Puso su mano en la espalda de Pete
―Todo lo que vamos a hacer es nada ―dijo―. McKinley se fue las
4 p.m., con mala cara y un cargamento. No es gran cosa.
―Por favor ―dijo Astrid, con voz pequeña y asustada―. El
Capitán McKinley sólo está ayudándonos a cruzar la frontera.
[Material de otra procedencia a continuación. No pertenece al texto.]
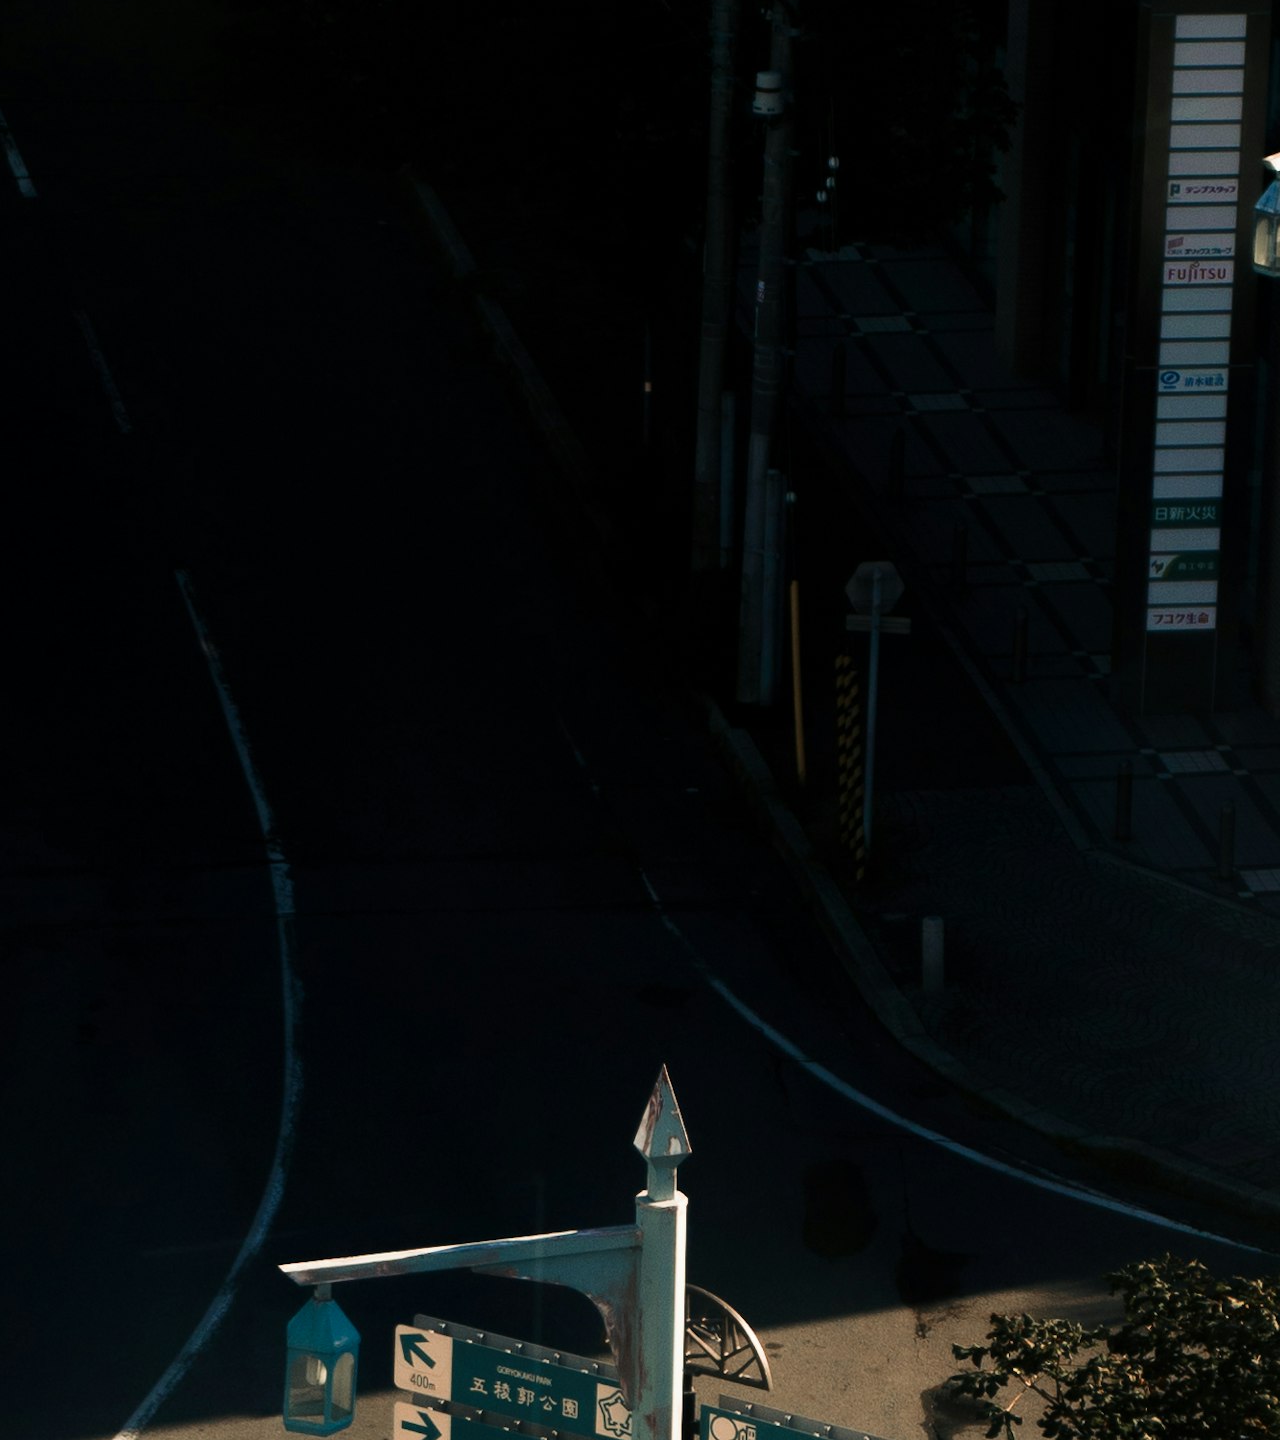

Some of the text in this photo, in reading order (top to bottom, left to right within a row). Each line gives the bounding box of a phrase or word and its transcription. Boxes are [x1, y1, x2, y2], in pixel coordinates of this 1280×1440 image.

[1168, 261, 1226, 282] FUJITSU
[1184, 373, 1224, 387] 清水建設
[1155, 505, 1216, 521] 日新火災
[1153, 612, 1209, 626] フコク生命
[410, 1372, 436, 1391] 400m
[496, 1365, 552, 1387] GORYOKAKU PARK
[469, 1376, 578, 1420] 五稜郭公園
El chico miró a Astrid por un largo rato, callado. Nos cerró
la puerta.
―Te lo debo, Pete ―dijo McKinley.
―Cállate. No estás aquí ―nos llegó la voz de Pete, rumbo a la
torre.
* * *
El vuelo duró tres horas.
No pudimos ver por la ventana. Hacía frío, y era un poco
difícil recuperar el aliento.
Pero cruzamos la frontera.
Y mientras tanto, no pude evitar preguntarme acerca de lo que
había revelado el Capitán McKinley. ¿Él había visto una orden para
el traslado de Astrid?
¿Habían estado persiguiéndola?
¿Habíamos huido a tiempo?
* * *
En menos de cuatro horas estábamos aterrizando en la Base de
la Fuerza Aérea Lewis McChord, en el estado de Washington.
―¿Vas a tener problemas? ―le preguntó Astrid al Capitán
McKinley tan pronto como apagó el motor, que había estado
imposiblemente ruidoso, demasiado ruidoso para hablar.
―No lo sé ―dijo.
―¿Era verdad? ¿Lo que dijiste de que ellos tenían un plan de
para llevarse a Astrid? ―pregunté.
―Chicos, éste no es el momento para preguntas. Justo ahora,
tengo que sacarlos de esta cabina. Un amigo mío llamado Roufa va a
venir. Al menos, espero que lo haga.
McKinley sacó su cartera.
―Asumiendo que lo haga, denle esto para su equipo. ―Sacó cinco
o seis billetes de 20 dólares.
―No ―dijo Niko―. Tenemos nuestro propio dinero. Se lo
daremos.
―¿Están seguro? ―preguntó McKinley.
―Sí ―dijimos los demás a coro.
―Ya ha hecho suficiente por nosotros ―agregué.
―Está bien entonces, eso es bueno, sólo permanezcan aquí y no
se muevan.
Se quitó los audífonos y saltó fuera de la cabina.
―Lindo paseo, ¿eh? ―dijo Jake, sonriéndonos―. ¡No puedo creer
que lo hicimos! ¡Estamos fuera!
―Creo que mi culo está congelado en el piso ―dijo Niko,
quejándose.
Algo de eso fue divertido, la forma en que lo dijo, y de
repente empecé una risa ahogada. Puse mi mano en mi boca.
―¡Dean! ―me calló Astrid.
No pude evitarlo.
―Es sólo que ―jadeé―, la forma en que dijiste “culo.”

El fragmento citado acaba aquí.